Impaired Endoplasmic Reticulum (ER)-Mitochondrial Signaling in Ataxia-Telangiectasia Contributes to Mitochondrial Dysfunction

Abstract

Ataxia-telangiectasia (A-T) mutated (ATM) plays a central role in the response to DNA double strand breaks (DNA DSB) but there is increasing evidence that it has a key role in protecting against mitochondrial dysfunction, the mechanism for which remains unresolved. We demonstrate here that A-T cells are also exquisitely sensitive to metabolic stress which can be explained by defective cross-talk between the endoplasmic reticulum (ER) and the mitochondrion through the mitochondrial–associated membrane (MAM).
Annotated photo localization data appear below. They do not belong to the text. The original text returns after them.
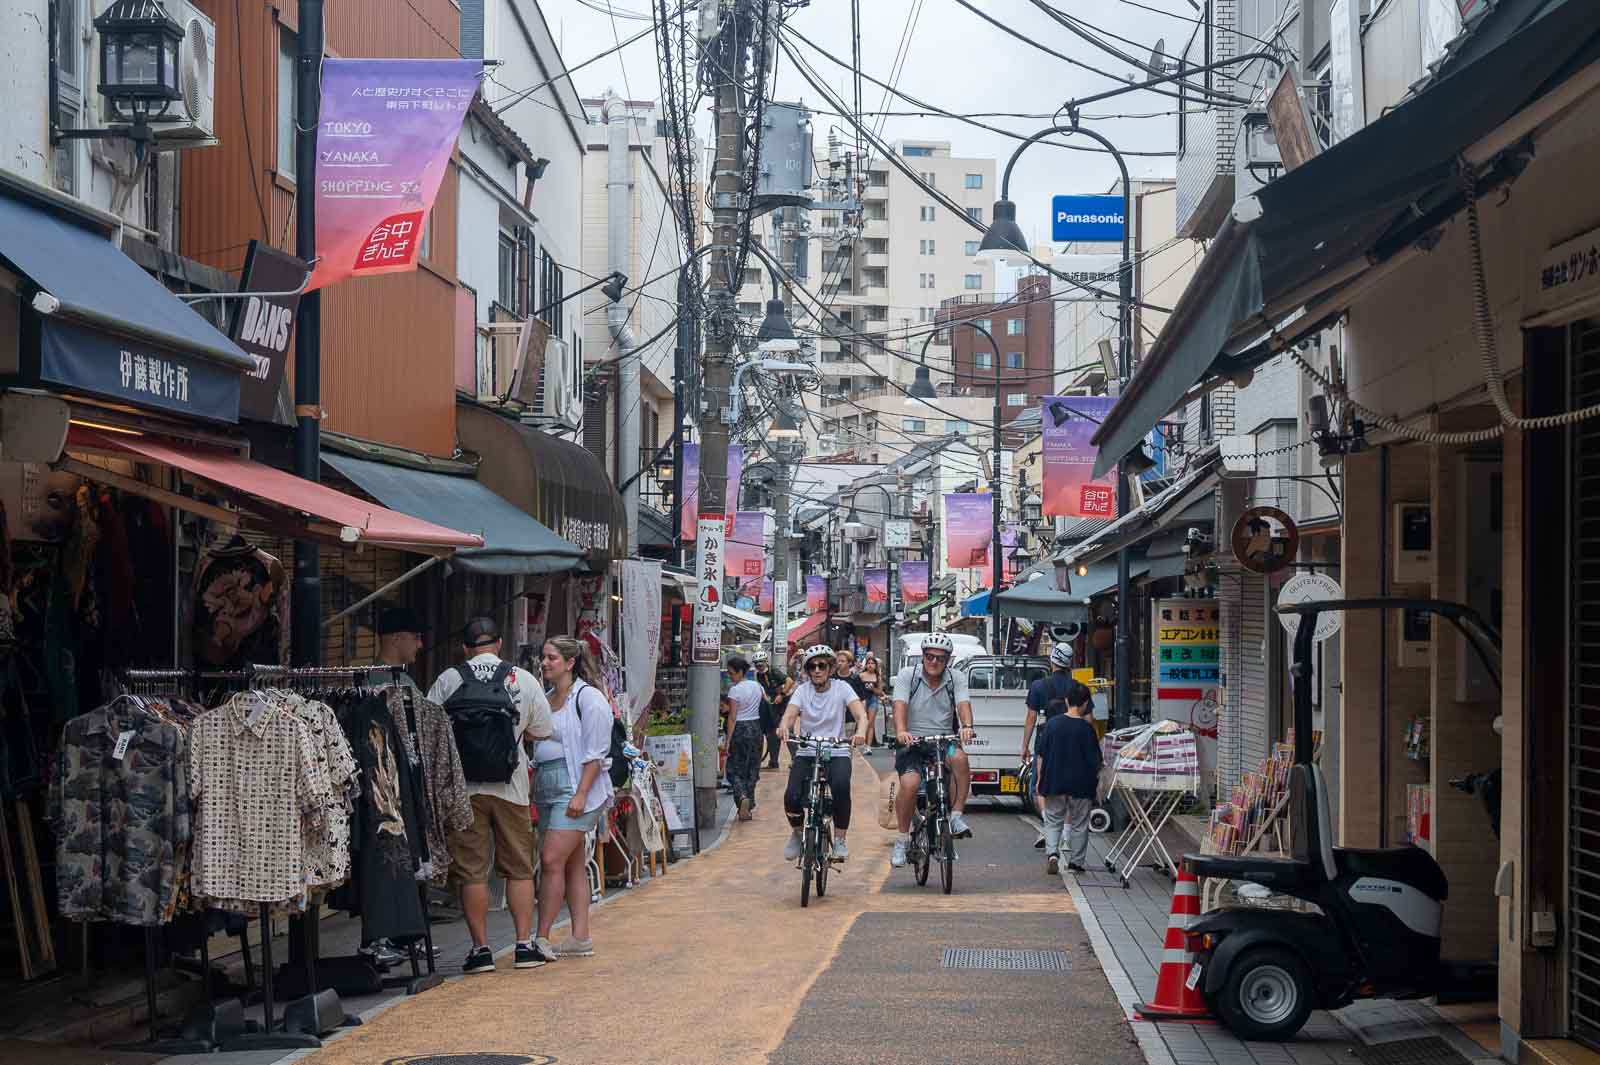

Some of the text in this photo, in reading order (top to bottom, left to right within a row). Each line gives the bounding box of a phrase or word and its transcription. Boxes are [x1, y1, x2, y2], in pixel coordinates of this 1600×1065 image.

[324, 122, 372, 134] TOKYO
[322, 151, 379, 162] YANAKA
[321, 180, 393, 193] SHOPPING
[1057, 211, 1125, 224] Panasonic
[370, 220, 413, 243] 谷中
[362, 239, 410, 262] ぎんざ
[241, 296, 292, 352] DANS
[119, 350, 189, 402] 伊藤製作所
[1084, 490, 1109, 500] 谷中
[1083, 501, 1109, 512] ぎんざ
[703, 536, 719, 581] かき氷
[1288, 578, 1317, 594] GLUTEN
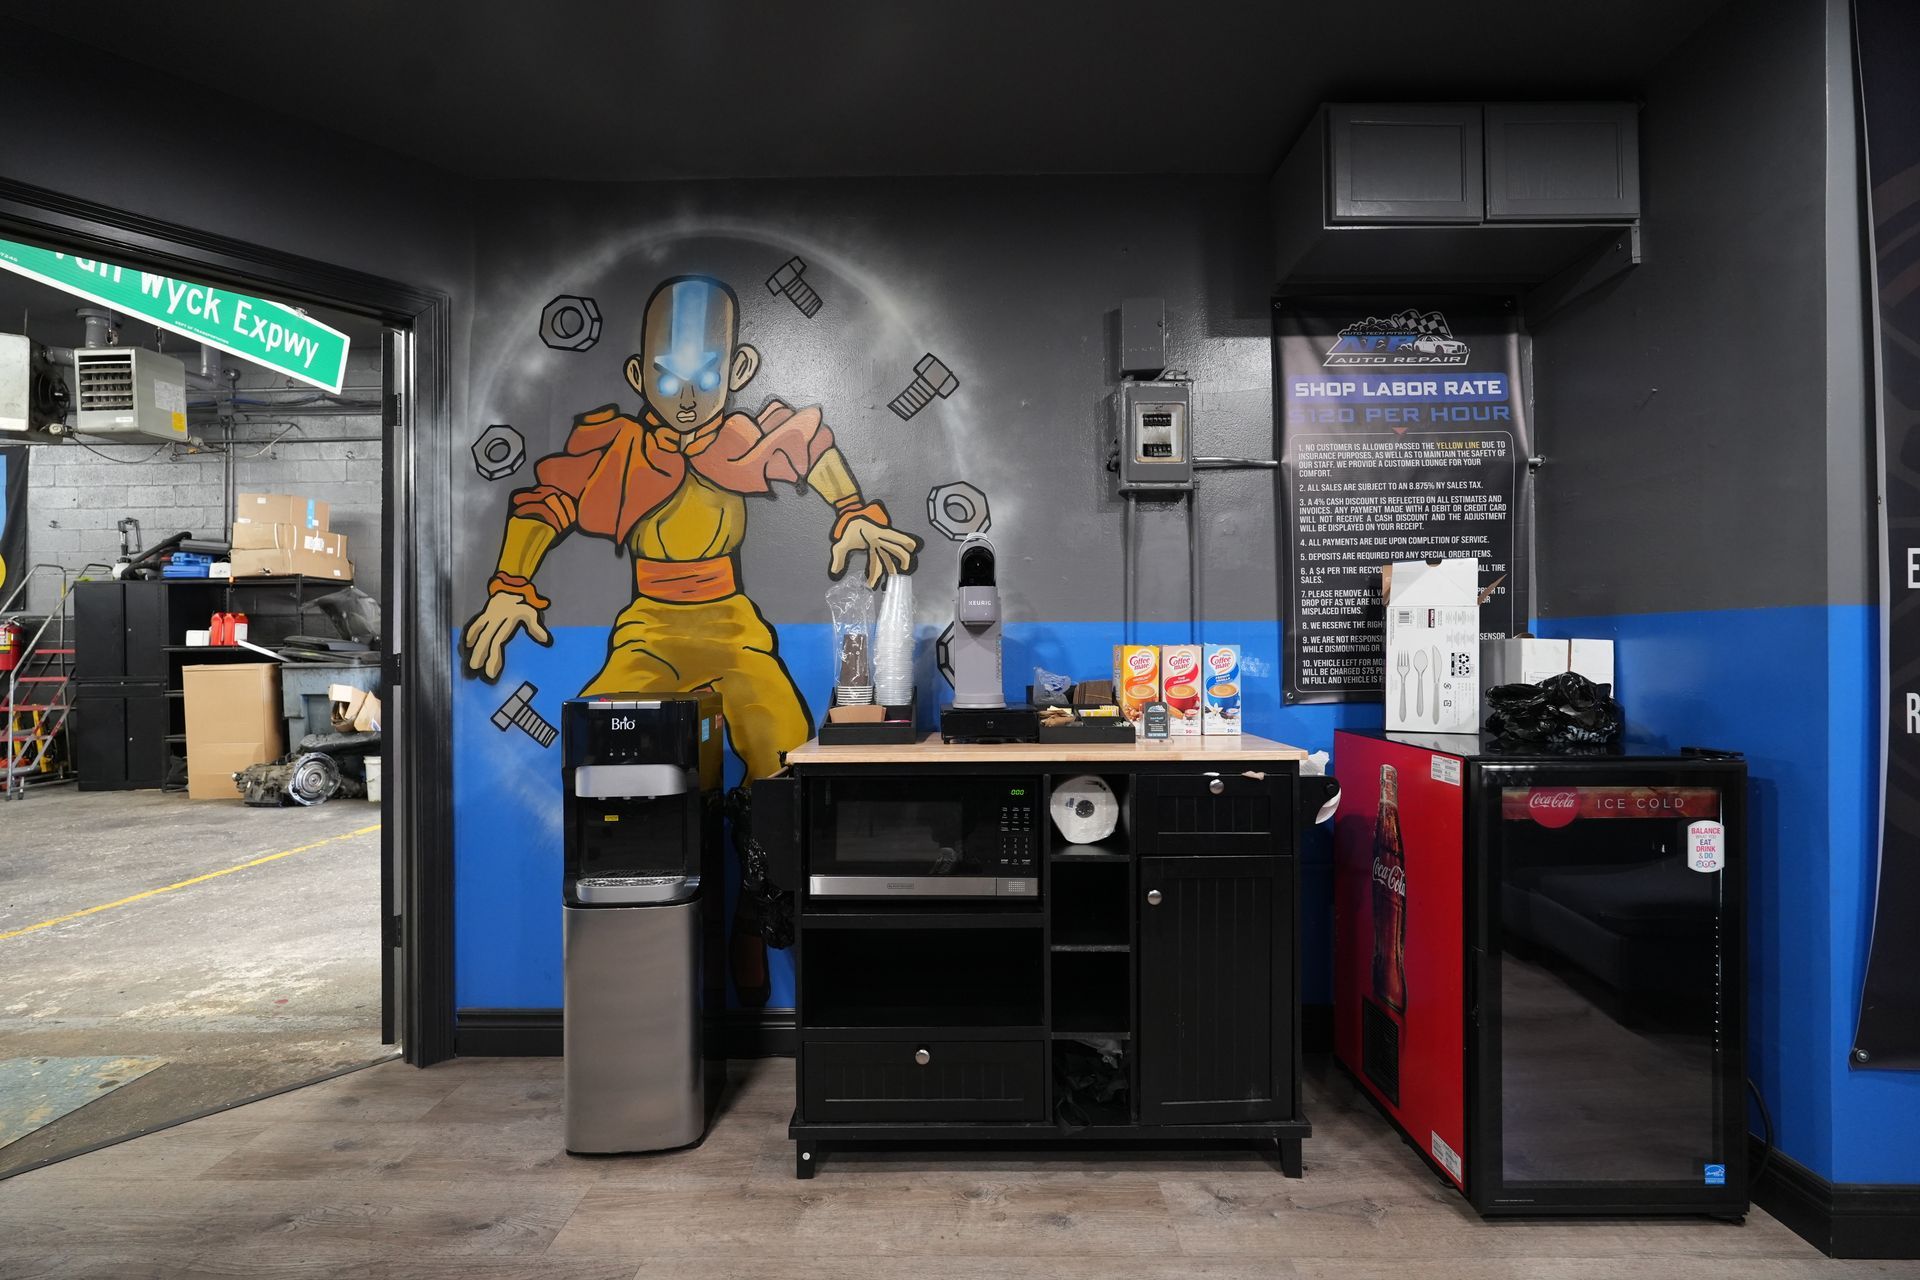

We showed that formation of a molecular bridge between the voltage-dependent calcium channel (VDAC1) and the inositol 1,4,5 trisphosphate receptor type 1 (IP3R1), mediated by the mitochondrial chaperone GRP75, is defective in A-T cells after nutrient stress. Tethering between these two organelles in response to stress, as determined by number of ER-mitochondrial contact sites, was reduced in A-T cells and consistent with this, Ca2+ release and transfer between ER and mitochondria was reduced dramatically compared to wild type cells. The impact of this on mitochondrial function was evident from an increase in oxygen consumption rates and a defect in mitophagy in ATM-deficient cells after glucose deprivation. Our findings reveal that ER- mitochondrial connectivity through IP3R1-GRP75-VDAC1, to maintain Ca2+ homeostasis, as well as an abnormality in mitochondrial fusion is defective in A-T cells in response to nutrient stress which can account for at least part of the mitochondrial dysfunction observed in A-T cells.